Background: People living with HIV (PLWH) experience nearly double the risk of premature atherosclerotic cardiovascular disease and often present with acute coronary syndromes at younger ages [1]. Chronic inflammation, immune activation, and drug–drug interactions between antiretrovirals and antiplatelet agents further contribute to accelerated atherosclerosis and poor outcomes after percutaneous coronary intervention (PCI) [2,3]. Importantly, in-stent restenosis (ISR) remains disproportionately frequent in PLWH despite modern drug-eluting stents, with medication nonadherence compounding risk [4]. We present a young woman with HIV and recurrent myocardial infarction due to rapid ISR, underscoring the impact of inflammation, adherence, and pharmacologic interactions on secondary prevention.

Case Presentation: A 31-year-old woman with a history of methamphetamine use, poorly controlled diabetes, and prior LAD stenting for myocardial infarction in February 2025 presented with recurrent chest pain. At the time of her first PCI, she was newly diagnosed with HIV but had been nonadherent to dual antiplatelet therapy. Two days before this admission, she reportedly left another hospital against medical advice after being told to stop methamphetamine use. On arrival, she endorsed diaphoresis and headache but denied chest pain. Examination revealed a HEART score of 6, markedly elevated high-sensitivity troponin (15,436 pg/mL), and an ECG with mild ST elevation in V1–V2. Echocardiography showed an ejection fraction of 40–45% with anterior and anteroseptal hypokinesis.
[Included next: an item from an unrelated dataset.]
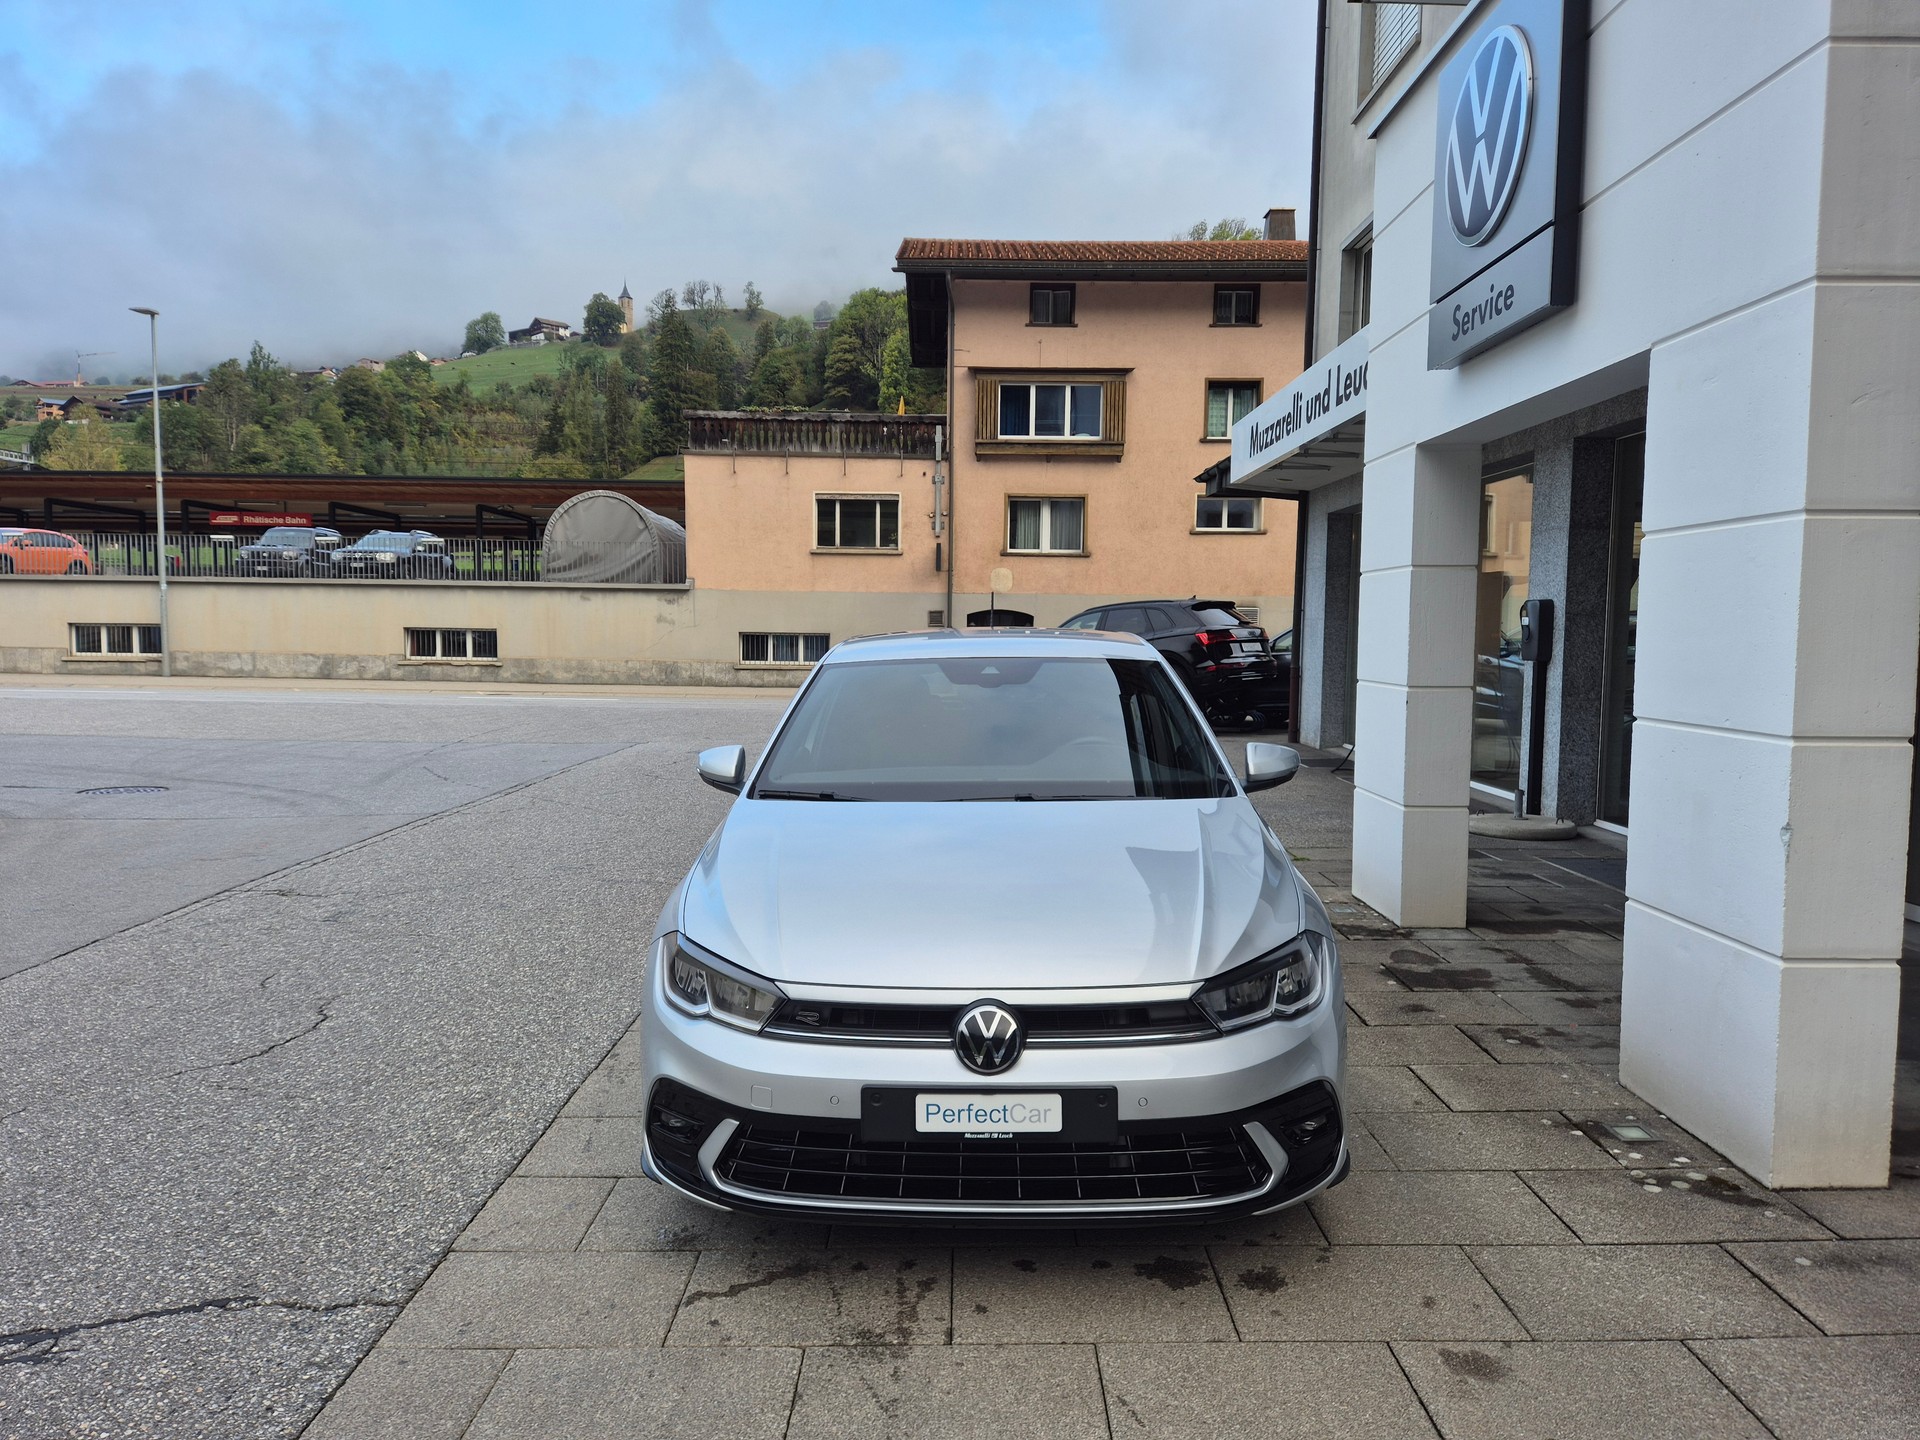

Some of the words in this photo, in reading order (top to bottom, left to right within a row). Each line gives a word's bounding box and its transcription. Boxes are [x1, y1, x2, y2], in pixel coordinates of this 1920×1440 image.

A diagnosis of NSTEMI was made, and she was started on aspirin and heparin. Cardiac catheterization demonstrated thrombus within the prior LAD stent, managed with balloon angioplasty, and a new 90% ostial diagonal lesion requiring PCI. She was discharged on DAPT, statin, lisinopril, empagliflozin, and Biktarvy.
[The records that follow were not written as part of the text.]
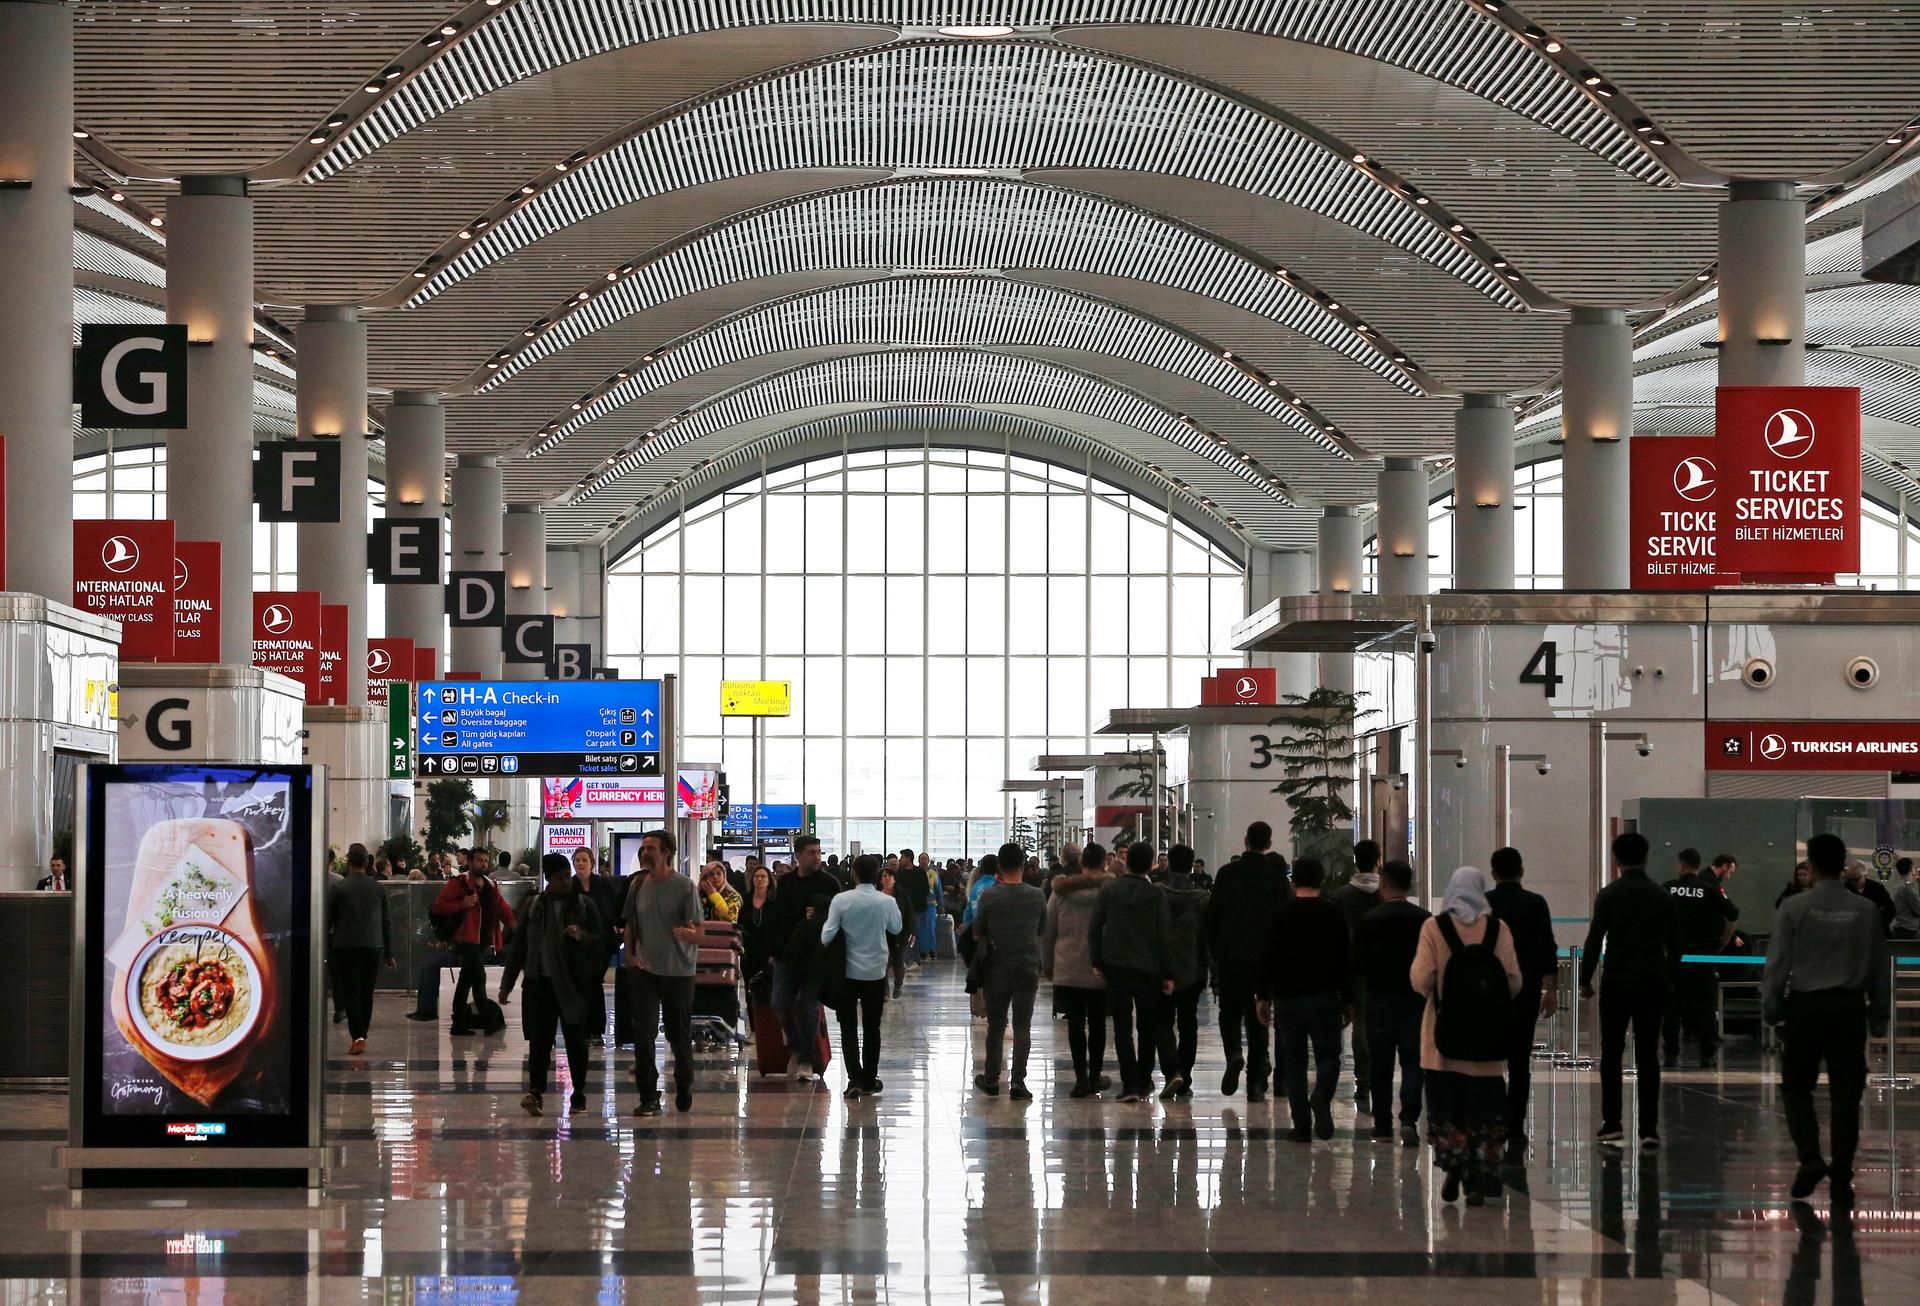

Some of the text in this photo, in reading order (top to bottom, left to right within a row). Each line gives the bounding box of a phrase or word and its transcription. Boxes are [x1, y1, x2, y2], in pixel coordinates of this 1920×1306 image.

[101, 337, 167, 415] G
[281, 452, 317, 512] F
[1750, 470, 1829, 492] TICKET
[1736, 498, 1843, 520] SERVICES
[1735, 525, 1844, 540] BİLET HİZMETLERİ
[391, 526, 421, 576] E
[1648, 561, 1678, 574] BİLET
[76, 581, 166, 593] INTERNATIONAL
[88, 595, 154, 608] DIŞ HATLAR
[459, 578, 495, 620] D
[128, 613, 154, 622] CLASS
[177, 629, 201, 638] CLASS
[515, 620, 543, 657] C
[252, 651, 304, 662] DIŞ HATLAR
[559, 649, 581, 680] B
[1519, 641, 1563, 698] 4
[461, 687, 560, 705] H-A Check-in
[783, 683, 788, 697] 1
[753, 698, 786, 706] Meeting
[461, 708, 506, 718] Büyük bagaj
[145, 698, 192, 751] G
[494, 718, 527, 727] baggage
[461, 730, 526, 739] Tüm gidiş kapıları
[585, 730, 617, 739] Otopark
[472, 741, 493, 749] gates
[600, 740, 617, 749] park
[1791, 741, 1918, 753] TURKISH AIRLINES
[1250, 735, 1273, 768] 3
[463, 760, 477, 768] ATM
[585, 755, 600, 763] Bilet
[579, 764, 618, 772] Ticket sales
[588, 791, 641, 801] CURRENCY
[549, 828, 585, 836] PARANIZI
[166, 889, 233, 901] A heavenly
[172, 908, 226, 918] fusion of
[159, 930, 240, 961] recipes
Conclusions: Young people living with HIV carry a disproportionate burden of premature coronary disease, often experiencing myocardial infarction years earlier than the general population. Traditional risk factors do not fully explain this pattern: persistent immune activation, endothelial dysfunction, and chronic inflammation can accelerate atherosclerosis and may increase in-stent restenosis (ISR) even with contemporary drug-eluting stents. Consistent with this, post-PCI outcomes in PLWH are frequently complicated by recurrent ischemia and repeat revascularization. This case brings several real-world drivers into sharp focus. Rapid ISR in a young woman highlights the ongoing role of inflammation. Equally important, nonadherence to both antiretroviral therapy and dual antiplatelet therapy likely amplified thrombotic and restenosis risk. Finally, clinically relevant interactions between certain antiretroviral regimens and P2Y12 inhibitors may reduce platelet inhibition, undermining secondary prevention at the very moment it matters most. The key takeaway is that preventing recurrence after PCI in HIV demands more than technically successful revascularization. Clinicians should pair an interaction-aware antiplatelet strategy with structured adherence support and close coordination with HIV specialists. Addressing these factors early may reduce repeat events and improve long-term outcomes in this vulnerable population.